The exercise is being implemented in collaboration between the Commission, the Federal University of Health Sciences, Azare, and University of Miami, United States of America.
The Managing Director of the Commission, Mr Mohammed Goni, said this during the inauguration of the exercise, in Gombe yesterday.
According to Gwoni, the exercise marks a significant milestone in the ongoing commitment to make North-East cancer free.
Represented by Sa’adatu Shehu, General Manager, Humanitarian Services in the Commission, Gwoni said the partnership with the universities exemplified the power of collaboration towards elimination of Cervical cancer and ensuring women empowerment.
“As we gathered here for the training of trainers on cervical cancer screening and treatment, we must remember this is the first step of the path we have chosen to combat Cervical cancer.
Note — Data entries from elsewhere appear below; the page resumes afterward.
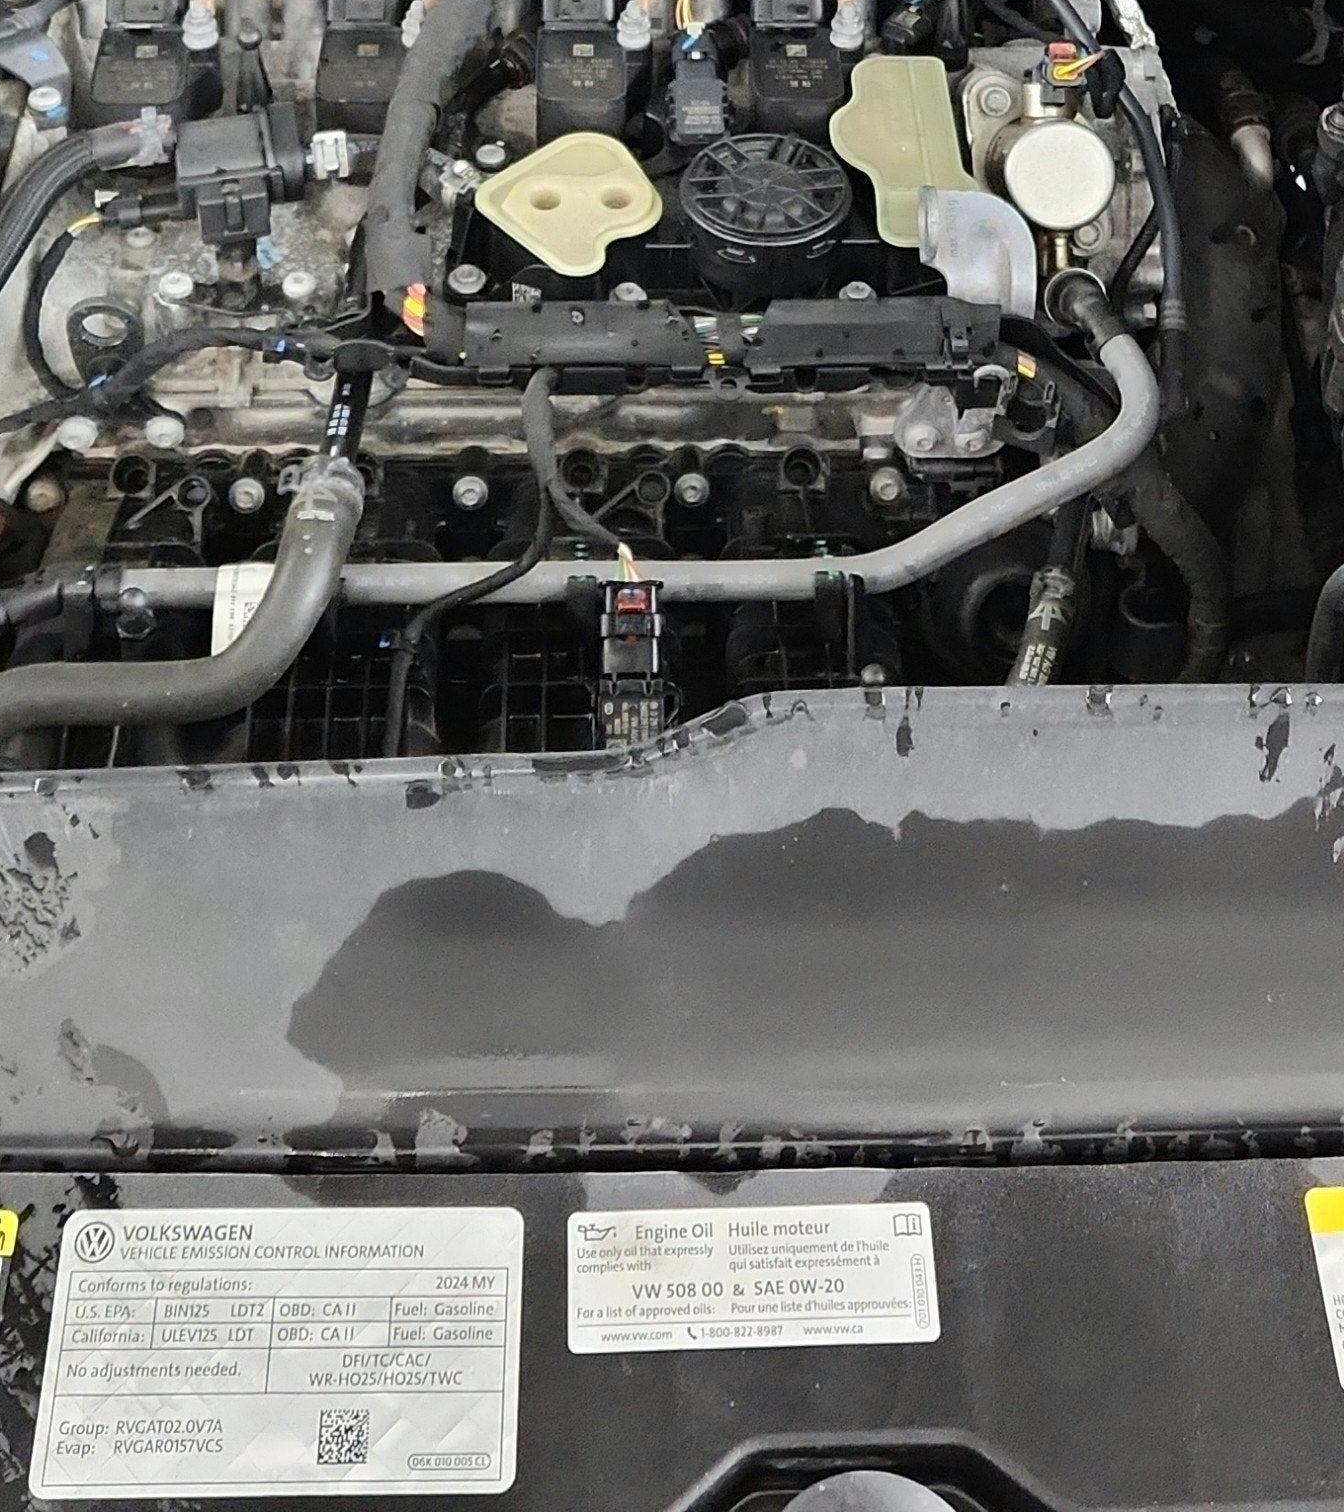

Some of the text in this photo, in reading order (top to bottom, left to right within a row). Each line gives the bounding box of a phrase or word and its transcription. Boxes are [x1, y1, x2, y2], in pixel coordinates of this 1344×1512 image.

[122, 1224, 253, 1242] VOLKSWAGEN
[635, 1222, 714, 1243] Engine Oil
[728, 1220, 831, 1238] Huile moteur
[119, 1244, 424, 1261] VEHICLE EMISSION CONTROL INFORMATION
[576, 1244, 714, 1262] Use only oil that expressly
[728, 1240, 890, 1258] Utilisez uniquement de l'huile
[576, 1259, 652, 1276] complies with
[728, 1253, 881, 1273] qui satisfait expressément à
[77, 1276, 253, 1296] Conforms to regulations:
[435, 1275, 496, 1290] 2024 MY
[631, 1277, 845, 1300] VW 508 00 & SAE 0W-20
[74, 1304, 136, 1320] U.S. EPA:
[163, 1302, 265, 1320] BIN125 LDT2
[279, 1302, 316, 1318] OBD:
[322, 1302, 343, 1317] CA
[394, 1301, 494, 1317] Fuel: Gasoline
[576, 1302, 716, 1320] For a list of approved oils:
[730, 1296, 912, 1314] Pour une liste d'huiles approuvées:
[71, 1328, 145, 1346] California:
[161, 1327, 255, 1343] ULEV125 LDT
[276, 1326, 314, 1342] OBD:
[320, 1326, 341, 1342] CA
[393, 1325, 493, 1341] Fuel: Gasoline
[600, 1330, 673, 1343] www.vw.com
[700, 1324, 784, 1339] 1-800-822-8987
[802, 1324, 864, 1336] www.vw.ca
[342, 1352, 432, 1369] DFI/TC/CAC/
[66, 1361, 241, 1382] No adjustments needed.
[58, 1418, 223, 1440] Group: RVGAT02.0V7A
[56, 1438, 224, 1459] Evap: RVGAR0157VCS
[412, 1456, 433, 1468] 06K
[434, 1456, 453, 1468] 010
[453, 1456, 473, 1467] 005
“The knowledge, expertise, commitment that will emanate from this room today will be a driving force of our mission to extend this life saving intervention to every corner of the region,” he said.
Gwoni said the training would expose health professionals to screening and case management of the disease, who were expected to step down the training in their communities.
He said the next round exercise would focus on low cadre of healthcare workers to ensure the knowledge reaches the grassroot levels.
The state Commissioner for Health, Dr Habu Dahiru, described Cervical cancer as a serious public health concern affecting the lives of women at their reproductive age.
He stressed the need for regular screening to eliminate the disease, adding that this would ensure early detection and effective treatment.
“The importance of generating data of those affected by the disease during the screening exercise can assist policy makers to come up with effective treatment approach,” he said.
While commending the gesture, Dahiru urged stakeholders to increase demand for access to Cervical cancer screening and treatment.
The Vice Chancellor, Federal University of Health Sciences, Azare, Prof. Bala Audu, said the aim of the training was to achieve the World Health Organisation (WHO) target towards elimination of Cervical cancer by 2030.
He said the target could only be achieved by ensuring 90 per cent of women vaccinated; 70 per cent screened and 90 per cent of those diagnosed with the disease get treatment.
“It is only when these three goals are achieved that would result in the elimination of Cervical cancer as public health problem.